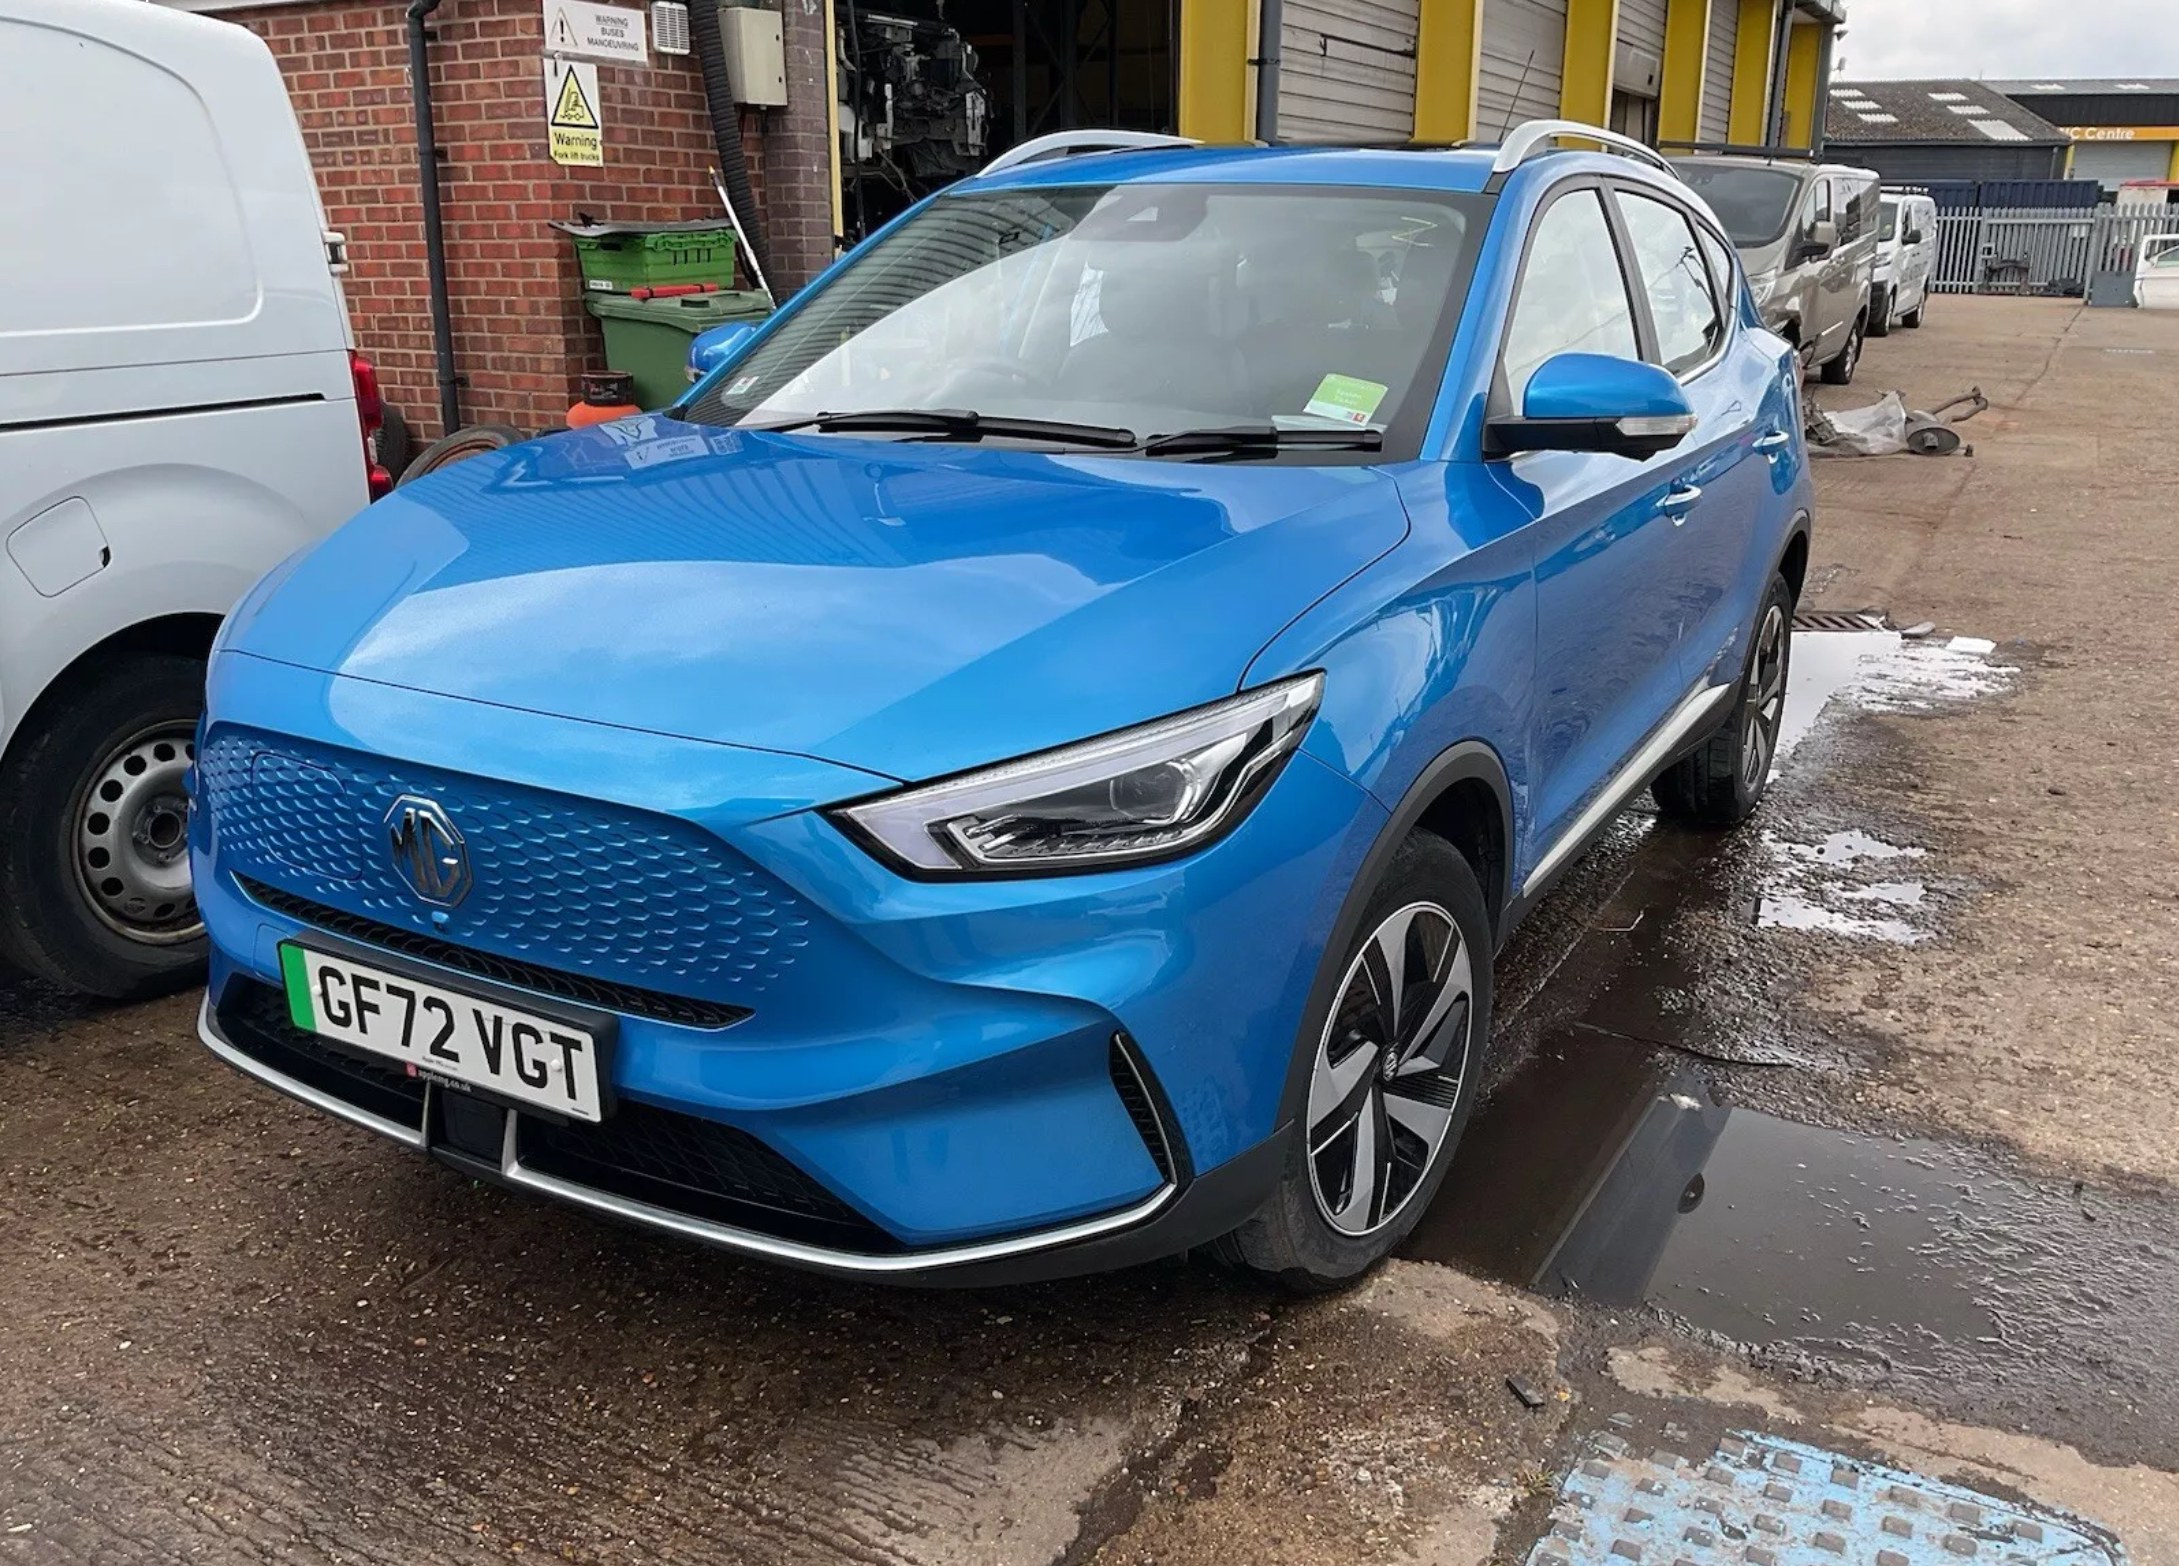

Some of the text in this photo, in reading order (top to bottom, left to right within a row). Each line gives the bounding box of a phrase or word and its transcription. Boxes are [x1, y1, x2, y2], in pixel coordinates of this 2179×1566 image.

[595, 15, 628, 27] WARNING
[600, 27, 625, 38] BUSES
[587, 37, 639, 51] MANOEUVRING
[2085, 126, 2136, 140] Centre
[554, 132, 598, 151] Warning
[389, 806, 460, 899] MG
[318, 965, 584, 1102] GF72 VGT
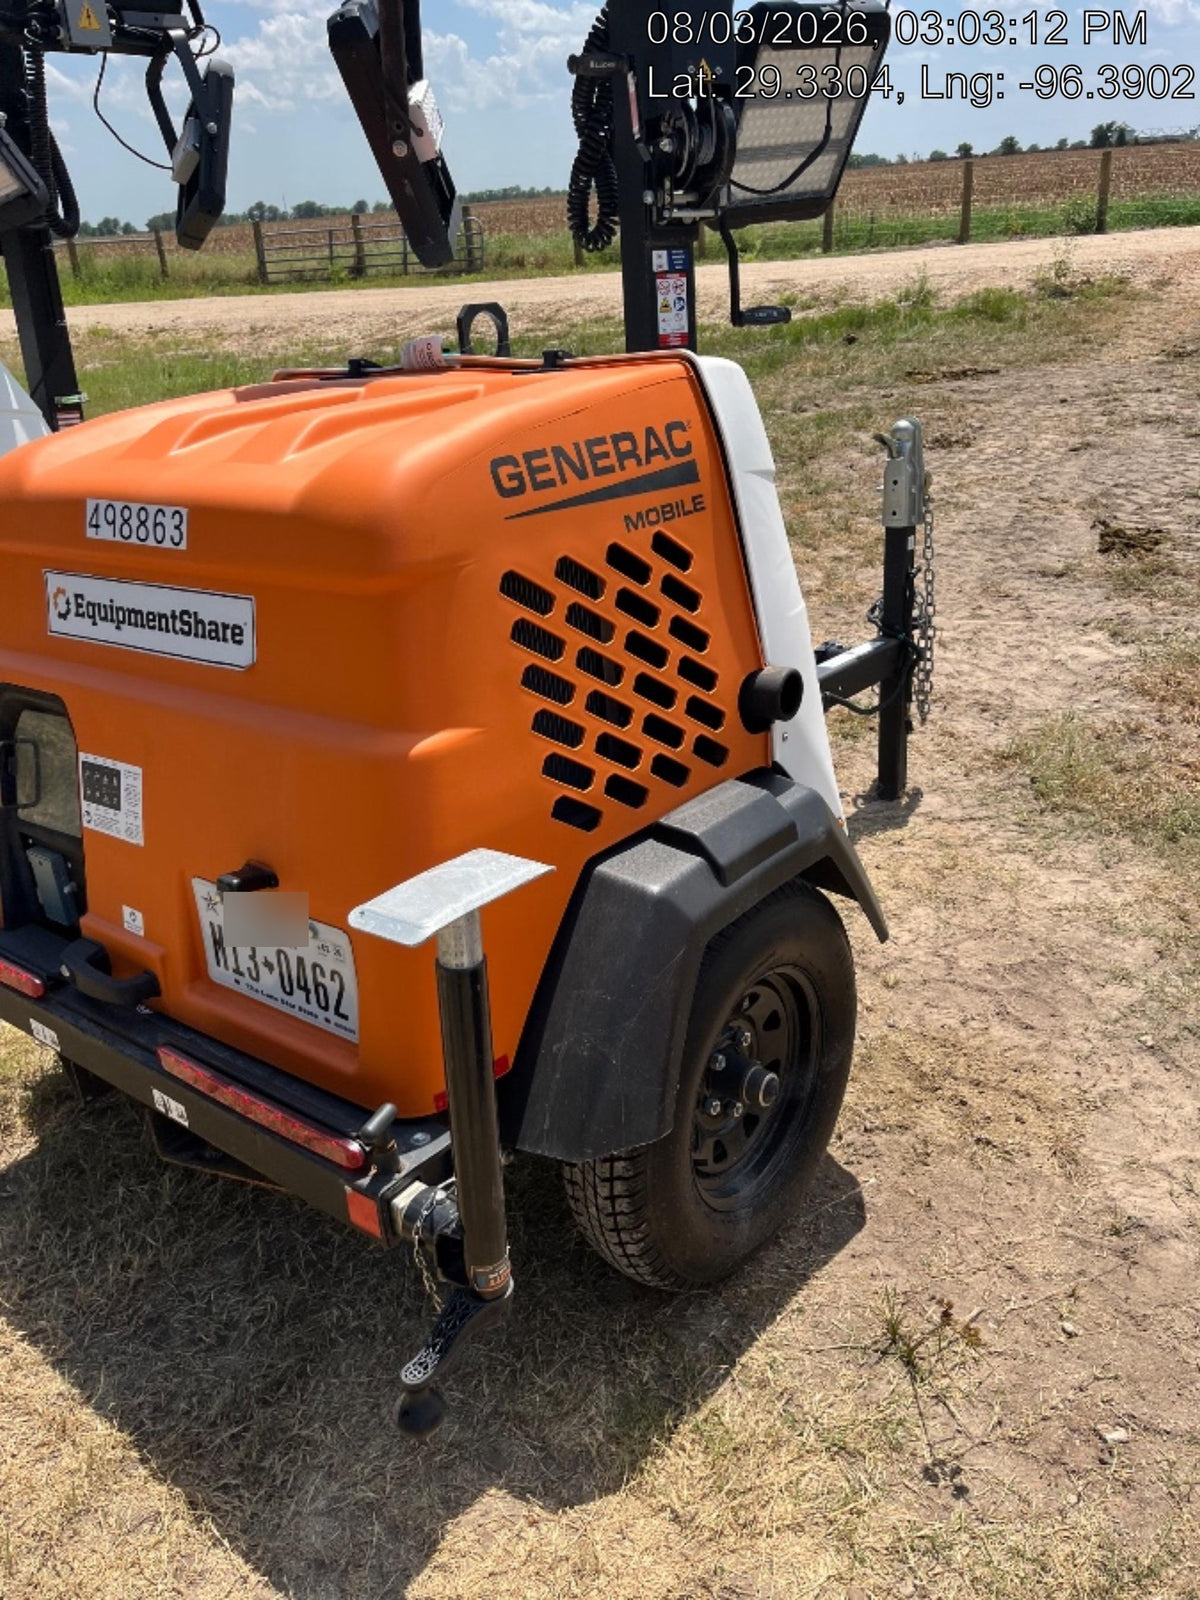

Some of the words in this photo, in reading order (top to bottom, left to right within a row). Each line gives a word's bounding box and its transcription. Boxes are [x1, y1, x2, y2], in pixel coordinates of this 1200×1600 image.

[490, 420, 692, 498] GENERAC
[88, 502, 184, 546] 498863
[623, 494, 706, 533] MOBILE
[73, 593, 244, 645] EquipmentShare
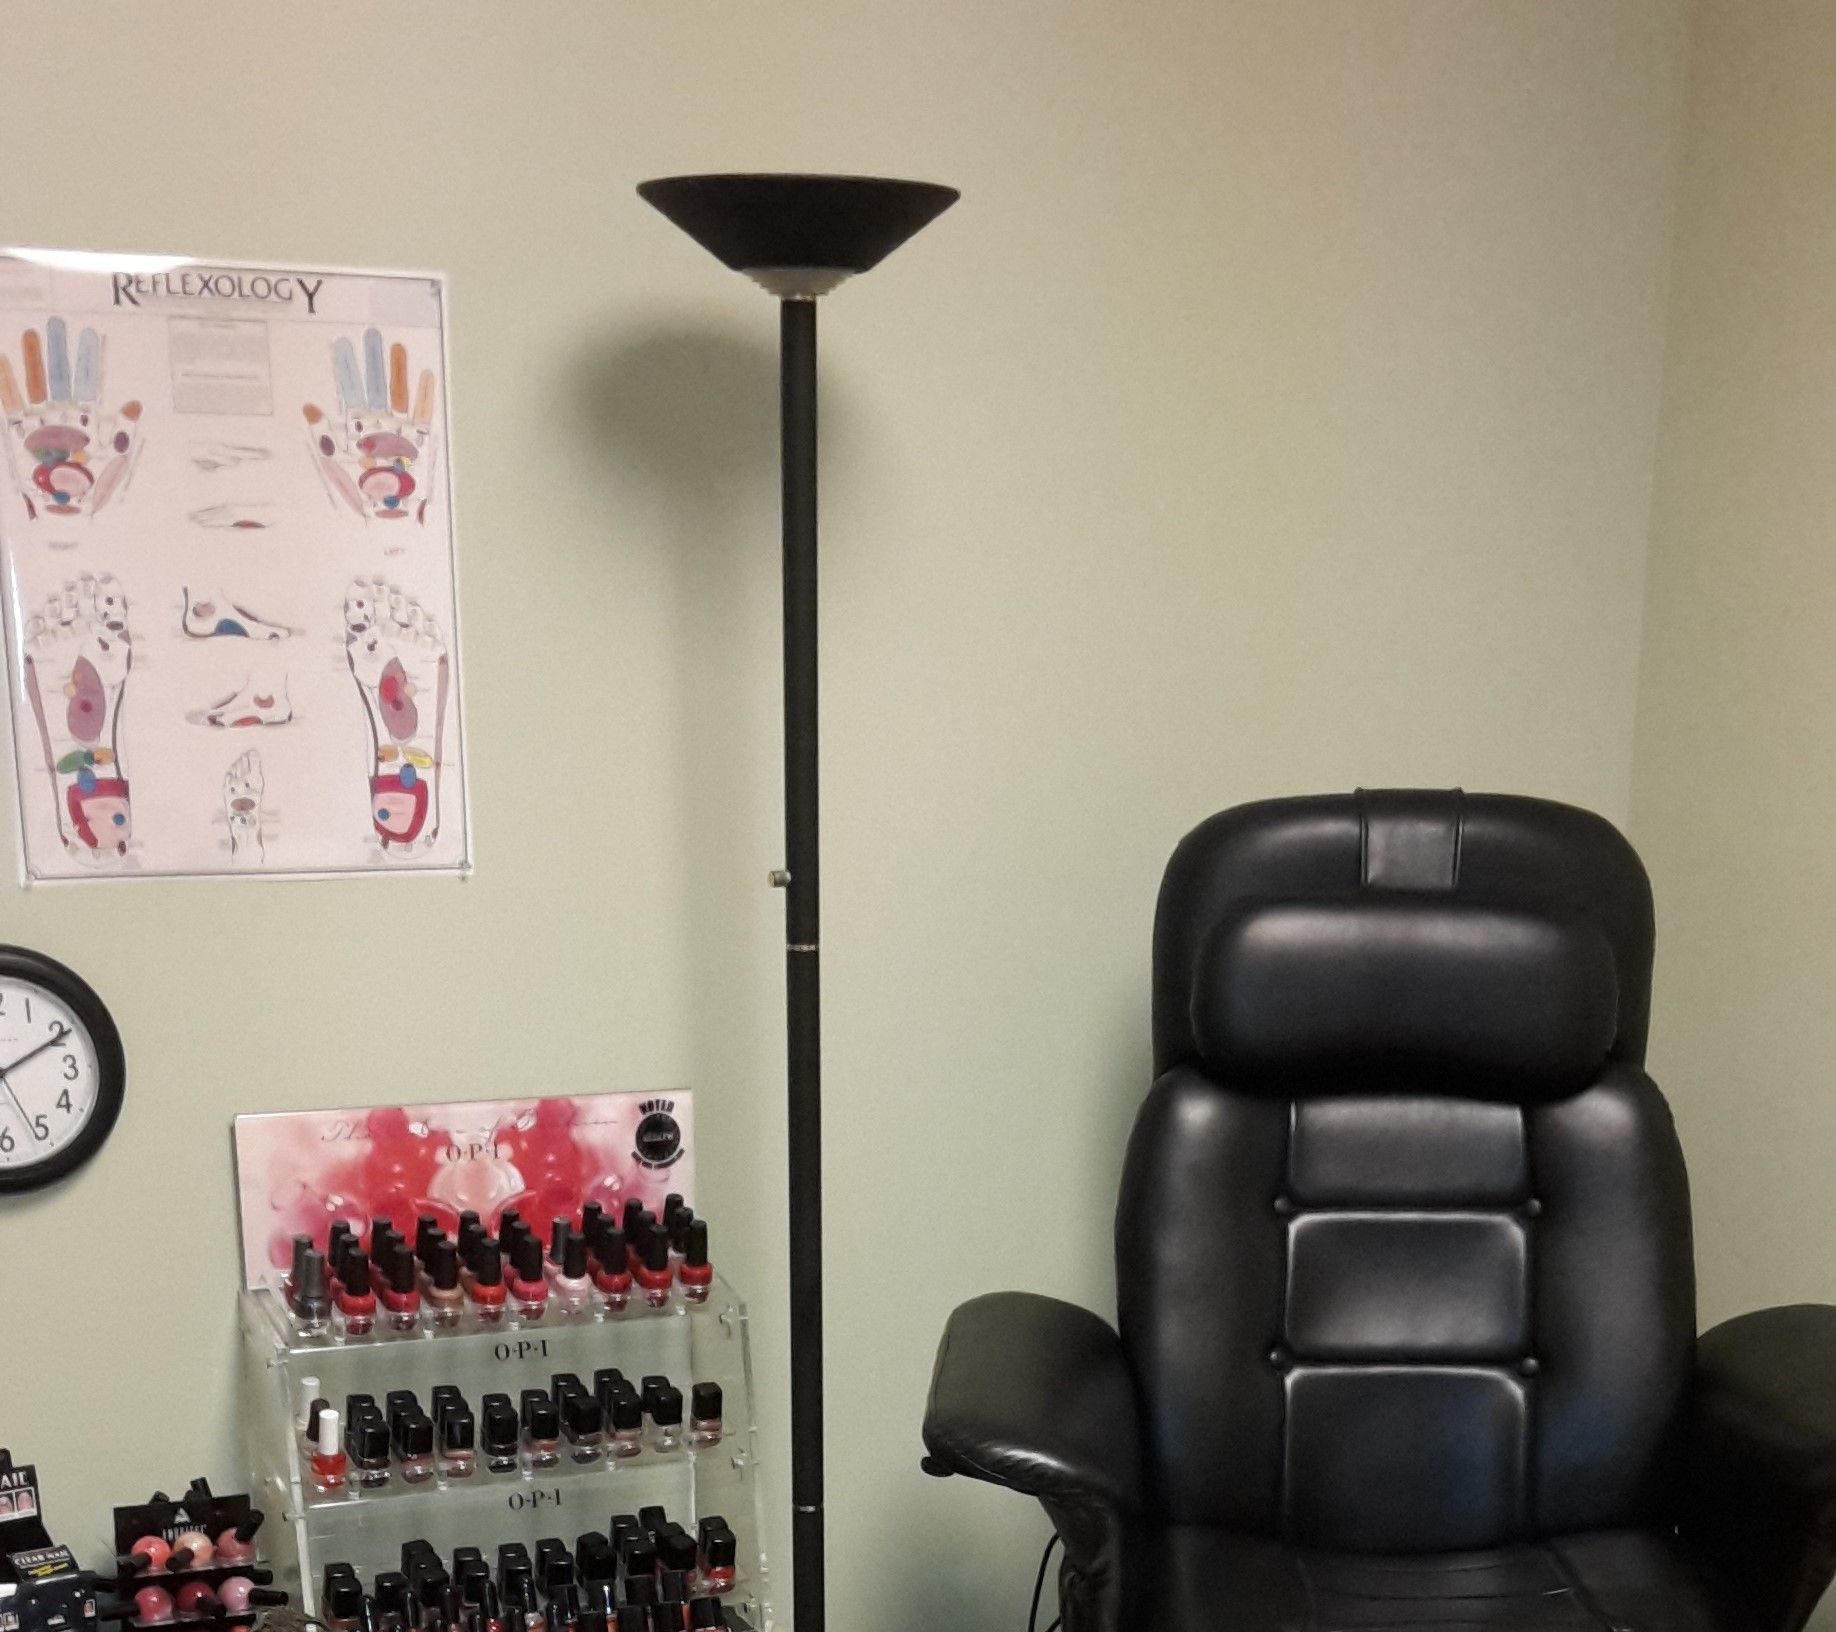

•••••

Exercise instructions:
Word for word, output the lines from the line bearing "Some of the words" through the end of the records above, and only those, without the pictures.

Written answer:
Some of the words in this photo, in reading order (top to bottom, left to right within a row). Each line gives a word's bounding box and its transcription. Boxes are [x1, y1, x2, y2], in pixel coordinates of this 1200×1600 image.

[490, 420, 692, 498] GENERAC
[88, 502, 184, 546] 498863
[623, 494, 706, 533] MOBILE
[73, 593, 244, 645] EquipmentShare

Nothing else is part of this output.